Step 1: Assessing the Damage

  Before you delve into anything it's good to know what you're up against. It's a good idea to inspect the tool before you buy it...check for any cracks and gouges; loose, missing, replaced or ill fitting pieces, and deep pockets of rust. Surface rust no matter how bad, can be cleaned off, but if a part is rusted through then you're in trouble. If possible, try to identify the piece you're looking at to give you an idea of its age and worth. If it's a stanley plane you can use this chart to identify it.
  
 Once you've got the tool, take it apart carefully (you don't want to strip any screwheads or crack any wood). Make sure the screw threads are in good shape, and that the wood is in tact. 

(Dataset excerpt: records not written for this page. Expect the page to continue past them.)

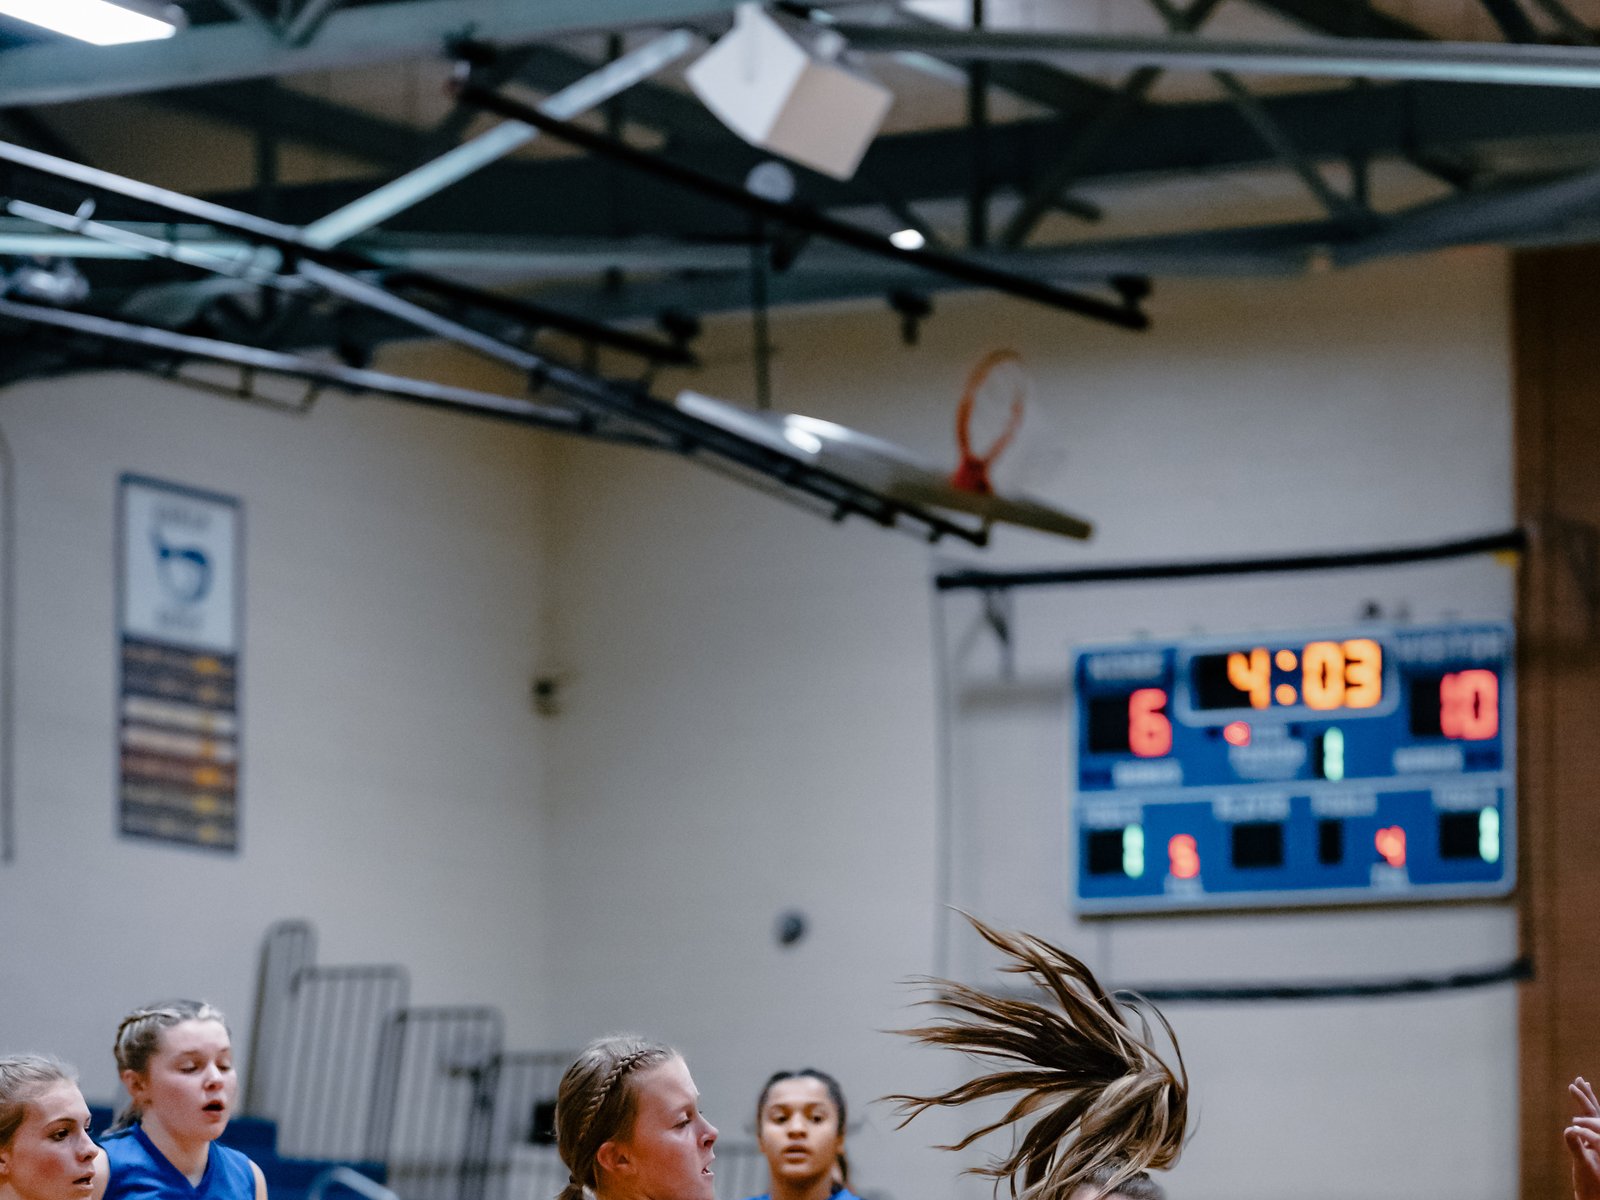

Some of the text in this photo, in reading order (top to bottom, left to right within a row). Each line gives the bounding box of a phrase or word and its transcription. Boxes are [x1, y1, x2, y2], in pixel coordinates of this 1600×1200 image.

[1227, 639, 1382, 710] 4:03
[1440, 669, 1498, 740] 10
[1128, 688, 1172, 757] 6
[1323, 726, 1344, 782] 1
[1122, 823, 1144, 878] 1
[1478, 806, 1500, 863] 1
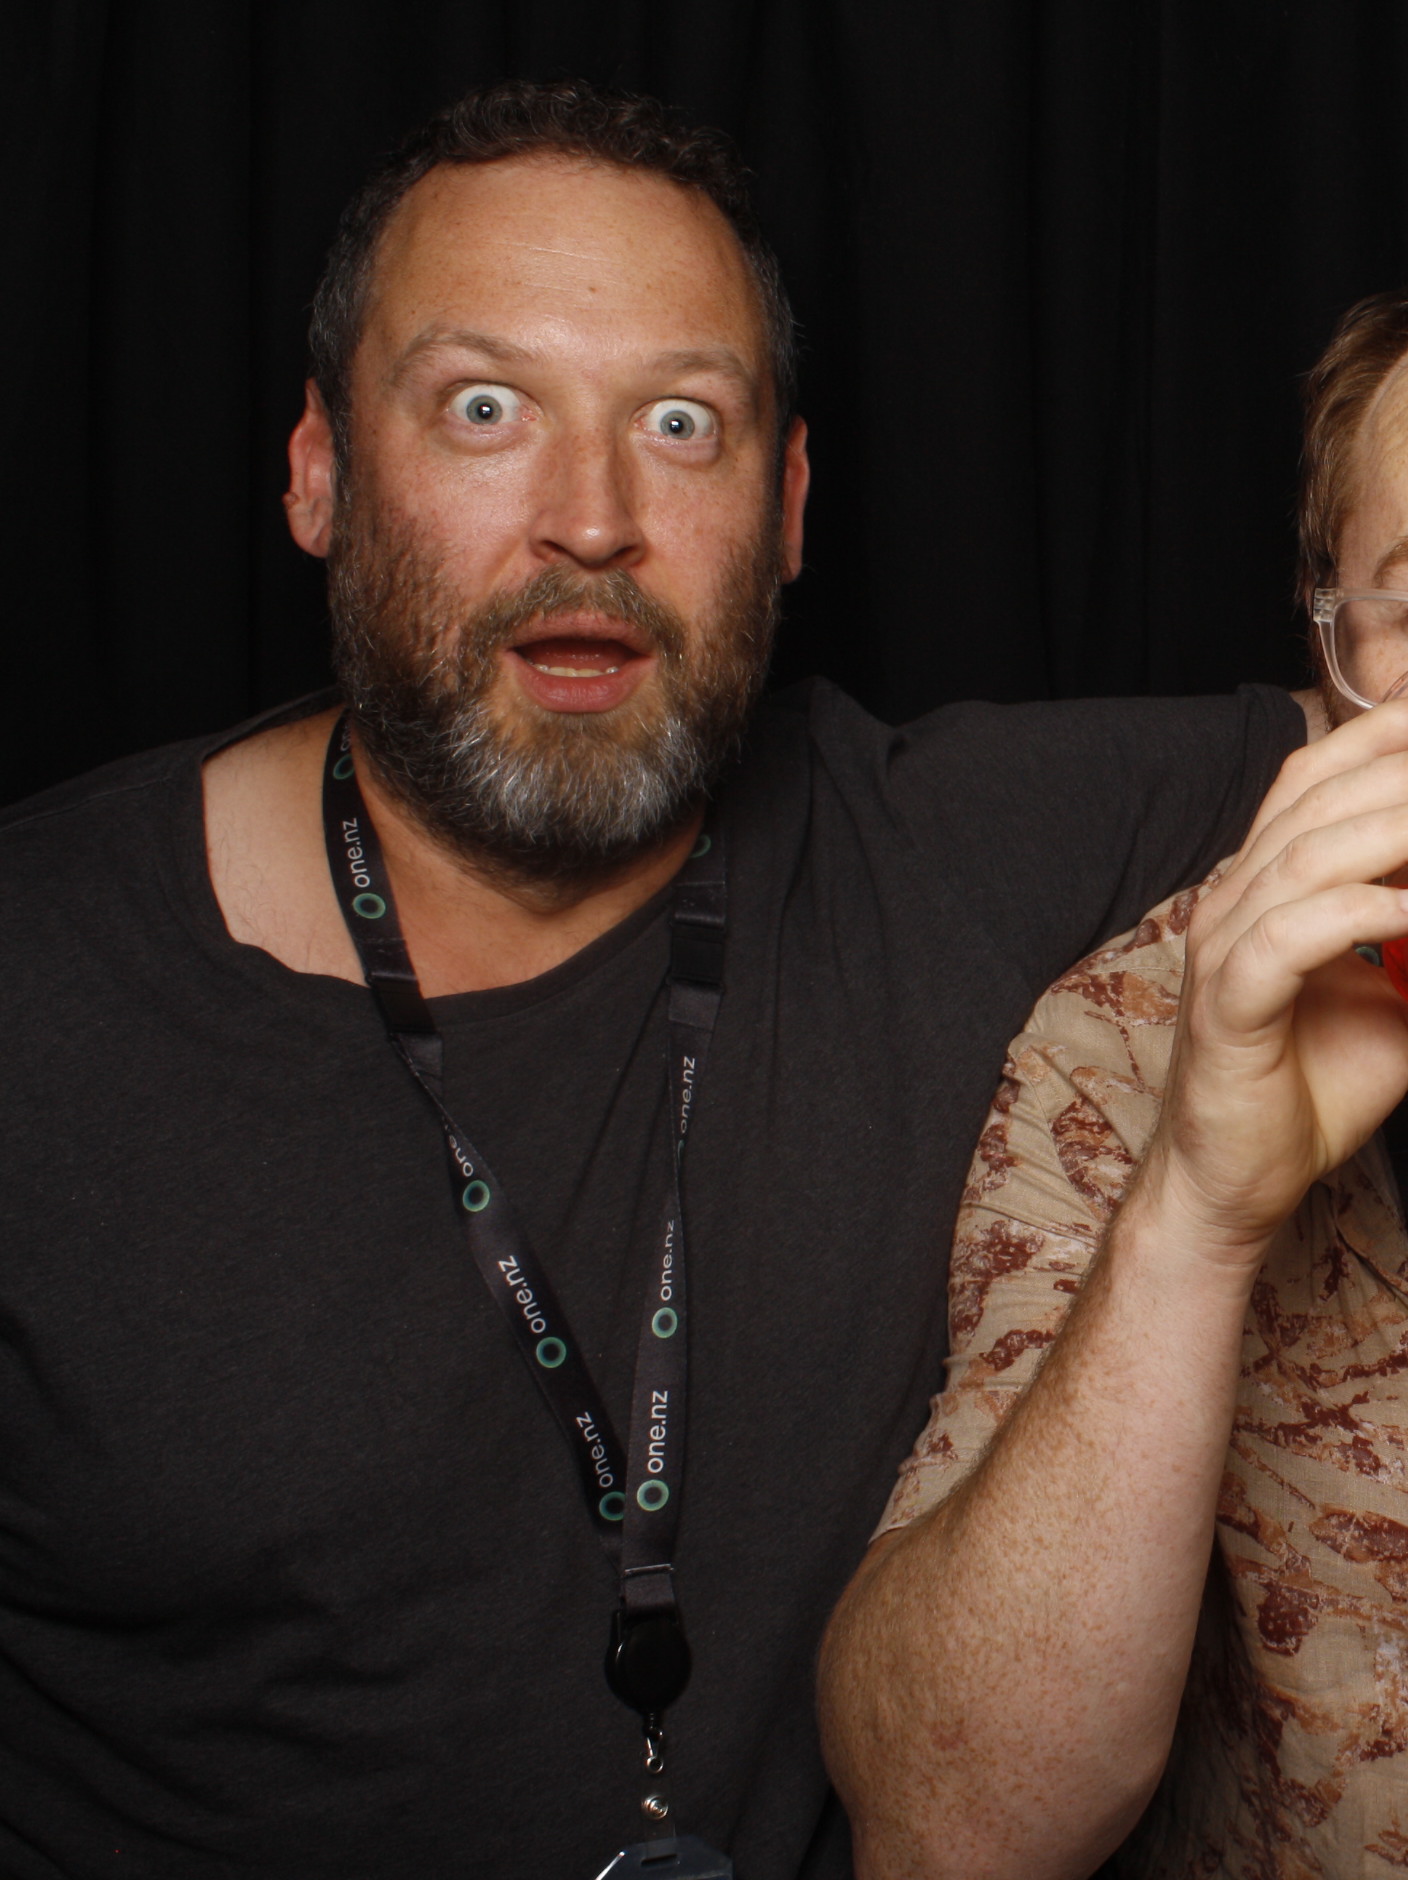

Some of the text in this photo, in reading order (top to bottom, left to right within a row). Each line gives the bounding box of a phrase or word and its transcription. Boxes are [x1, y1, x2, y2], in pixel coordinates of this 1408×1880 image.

[341, 817, 371, 889] one.nz
[680, 1056, 695, 1134] one.nz
[498, 1255, 546, 1334] one.nz
[660, 1219, 675, 1301] one.nz
[575, 1411, 614, 1488] one.nz
[647, 1390, 669, 1473] one.nz

Step 2: Time to De-rustify!

And now the fun begins! There are a few different methods for this part and depending on your available space, time, money, and know how you can try any of these:
  • soaking rusted parts in apple cider vinegar
  • using a chemical remover like naval jelly,  evapo rust, or krud kutter (this is what i used)
  • electrolysis
  • wd-40 and scotch brite and steel wool (i used this technique as well, but it's hard to do on rounded or small parts)
If you decide to go the chemical method like me it's pretty straight forward...i filled a ziploc bag halfway with krud kutter and put all the small screws and knobs in it to soak for about 2- 3 hours (the soaking period will vary depending on the amount of rust you have).

After the chemical bath, i dried the pieces, and gave them a quick scrub with wd-40 and steel wool to clean off any leftover bits and pieces.

To soak the frog and the plane i just a gallon sized ziploc bag to accommodate for the size of the pieces

Step 3: De-rustification Part Duex

 While the smaller pieces are soaking i tried out the wd-40 + scotch brite pad method on the larger flat pieces (i.e. plane iron and chip breaker). This method works wonders in a really short time since i can really put some pressure on the pieces.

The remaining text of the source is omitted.